Using The Invoice Table Structure Shown In Table P63
Using The Invoice Table Structure Shown In Table P63 Do The Followin
Using the INVOICE table structure shown in Table P6.3, do the following: a. Write the relational schema, draw its dependency diagram, and identify all dependencies, including all partial and transitive dependencies. You can assume that the table does not contain repeating groups and that an invoice number references more than one product. (Hint: This table uses a composite primary key.) b. Remove all partial dependencies, write the relational schema, and draw the new dependency diagrams. Identify the normal forms for each table structure you created. c. Remove all transitive dependencies, write the relational schema, and draw the new dependency diagrams. Also identify the normal forms for each table structure you created. d. Draw the Crow’s Foot ERD.
Paper For Above instruction
Introduction
Database normalization is a fundamental process in designing relational databases that ensures data integrity, reduces redundancy, and enhances query performance. The task involves analyzing an existing table structure to identify its dependencies and normal forms, and subsequently refining the schema to comply with higher normalization standards. Additionally, creating an Entity-Relationship Diagram (ERD) provides a visual representation of the data structure and relationships, facilitating better understanding and communication among database stakeholders.

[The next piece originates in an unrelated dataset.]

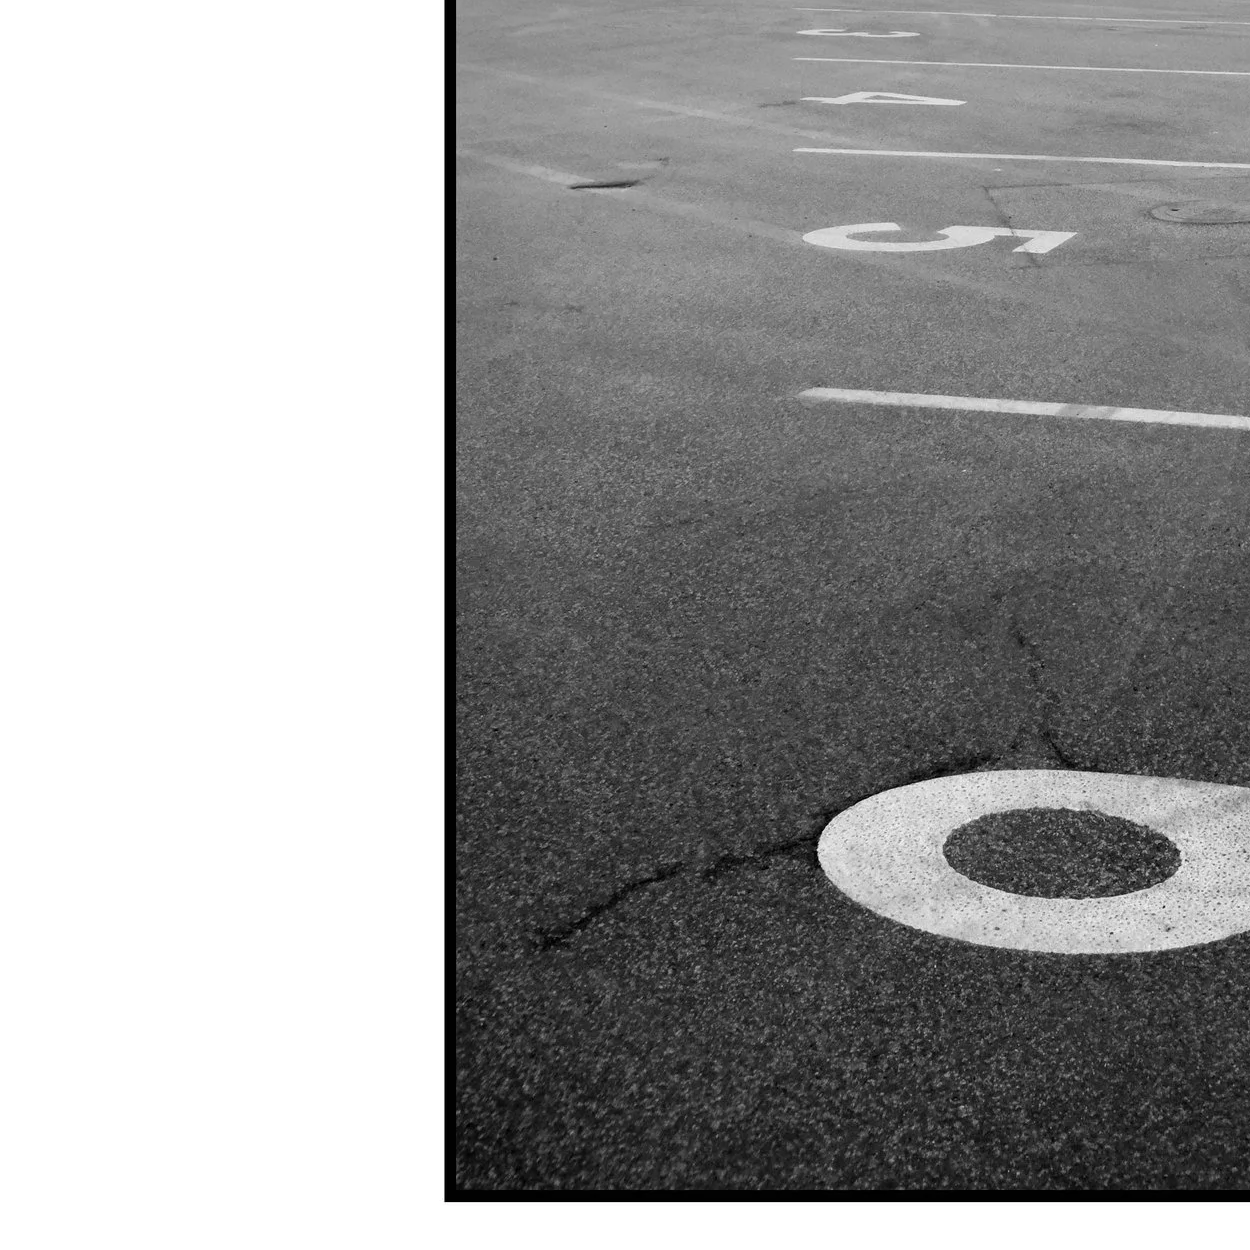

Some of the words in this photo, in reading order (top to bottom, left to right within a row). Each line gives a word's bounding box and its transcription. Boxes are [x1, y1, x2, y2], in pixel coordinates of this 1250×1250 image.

[796, 28, 921, 38] 3
[800, 91, 968, 106] 4
[802, 222, 1078, 254] 5
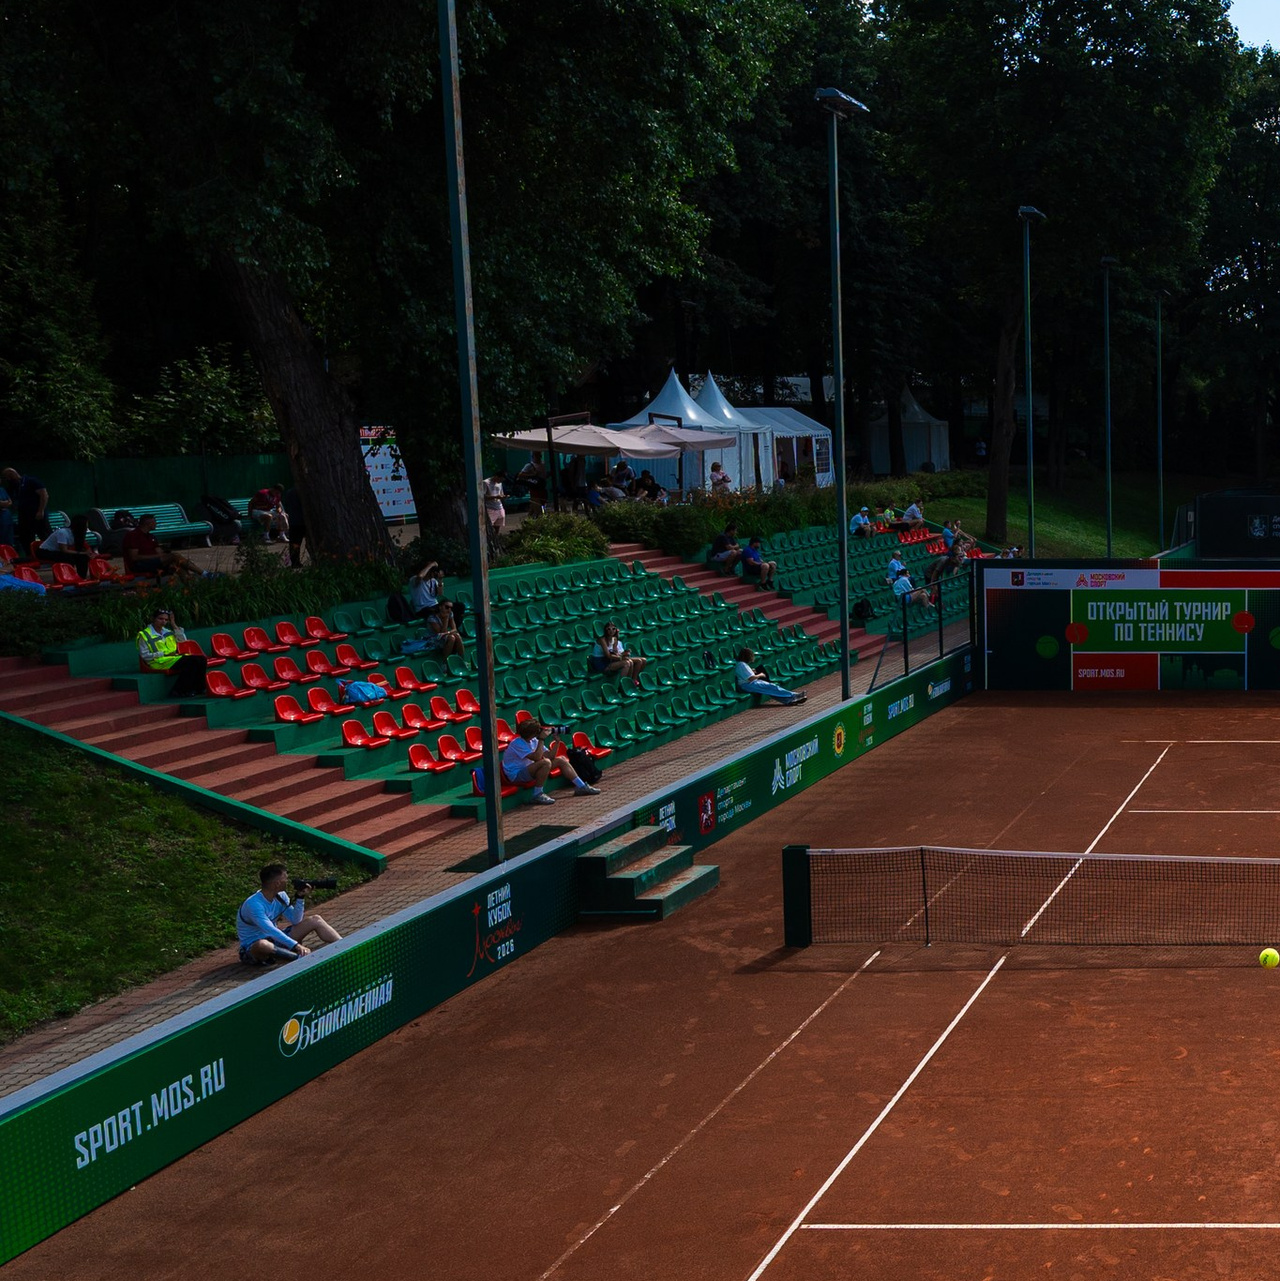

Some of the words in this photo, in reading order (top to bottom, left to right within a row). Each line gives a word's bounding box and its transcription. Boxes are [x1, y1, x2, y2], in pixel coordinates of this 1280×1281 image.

Analysis of the Invoice Table Structure
The given table, referred to as Table P6.3, presumably contains fields such as invoice number, product details, and possibly customer data. The table's primary key is a composite, likely comprising invoice number and product ID, especially if an invoice references multiple products, which is a typical scenario in sales databases. The initial step involves writing the relational schema based on this structure. For illustration, consider a hypothetical schema:
Invoice(ProductID, InvoiceNumber, Quantity, Price, CustomerID, InvoiceDate)
This schema indicates that each record captures a specific product within an invoice, including quantities, prices, and customer information.
Dependency Diagram and Dependency Identification
In the initial schema, the potential dependencies could include:
- Composite primary key: (InvoiceNumber, ProductID)
- Functional dependencies such as:
- InvoiceNumber → CustomerID, InvoiceDate
- ProductID → Price
- (InvoiceNumber, ProductID) → Quantity, Price
Partial dependencies exist when a non-key attribute depends on part of a composite key; for example, CustomerID and InvoiceDate depend solely on InvoiceNumber, not on the entire composite. Transitive dependencies occur when non-key attributes depend on other non-key attributes, such as Price depending on ProductID, which in turn depends on InvoiceNumber.
Removing Partial Dependencies
To achieve 2NF, partial dependencies need to be eliminated by decomposing the original schema into smaller relations where each non-key attribute depends entirely on the primary key. The tables might be:
Invoices(InvoiceNumber, CustomerID, InvoiceDate)
InvoiceDetails(InvoiceNumber, ProductID, Quantity, Price)
Products(ProductID, Price)
Here, the 'Invoices' table captures invoice-specific data, while 'InvoiceDetails' records the products associated with each invoice. 'Products' maintains product-specific details.
Removing Transitive Dependencies
Further normalization to 3NF involves removing transitive dependencies. For instance, if 'Price' in 'InvoiceDetails' depends on 'ProductID', which is only dependent on 'Products', this dependency should be handled by separating the product data entirely. The schema might become:
Invoices(InvoiceNumber, CustomerID, InvoiceDate)
InvoiceDetails(InvoiceNumber, ProductID, Quantity)
Products(ProductID, Price)
Each table now contains only directly related attributes, following 3NF principles. The 'Price' is stored in 'Products', removing transitive dependencies from 'InvoiceDetails'.
Drawing the Crow’s Foot ERD
The ERD visually exhibits the relationships: 'Invoices' links to 'InvoiceDetails' through 'InvoiceNumber'; 'InvoiceDetails' links to 'Products' via 'ProductID'. The Crow’s Foot notation indicates 'one-to-many' relationships from invoices to invoice details and from products to invoice details.
Normal Forms and Conclusion
The initial table likely violated 1NF due to potential repeating groups, while the decompositions achieve 2NF and 3NF by eliminating partial and transitive dependencies, respectively. The final normalized schema ensures data integrity and consistency within the database structure. Visualizing relationships through the Crow’s Foot ERD enhances clarity for database design and implementation, supporting efficient querying and data management.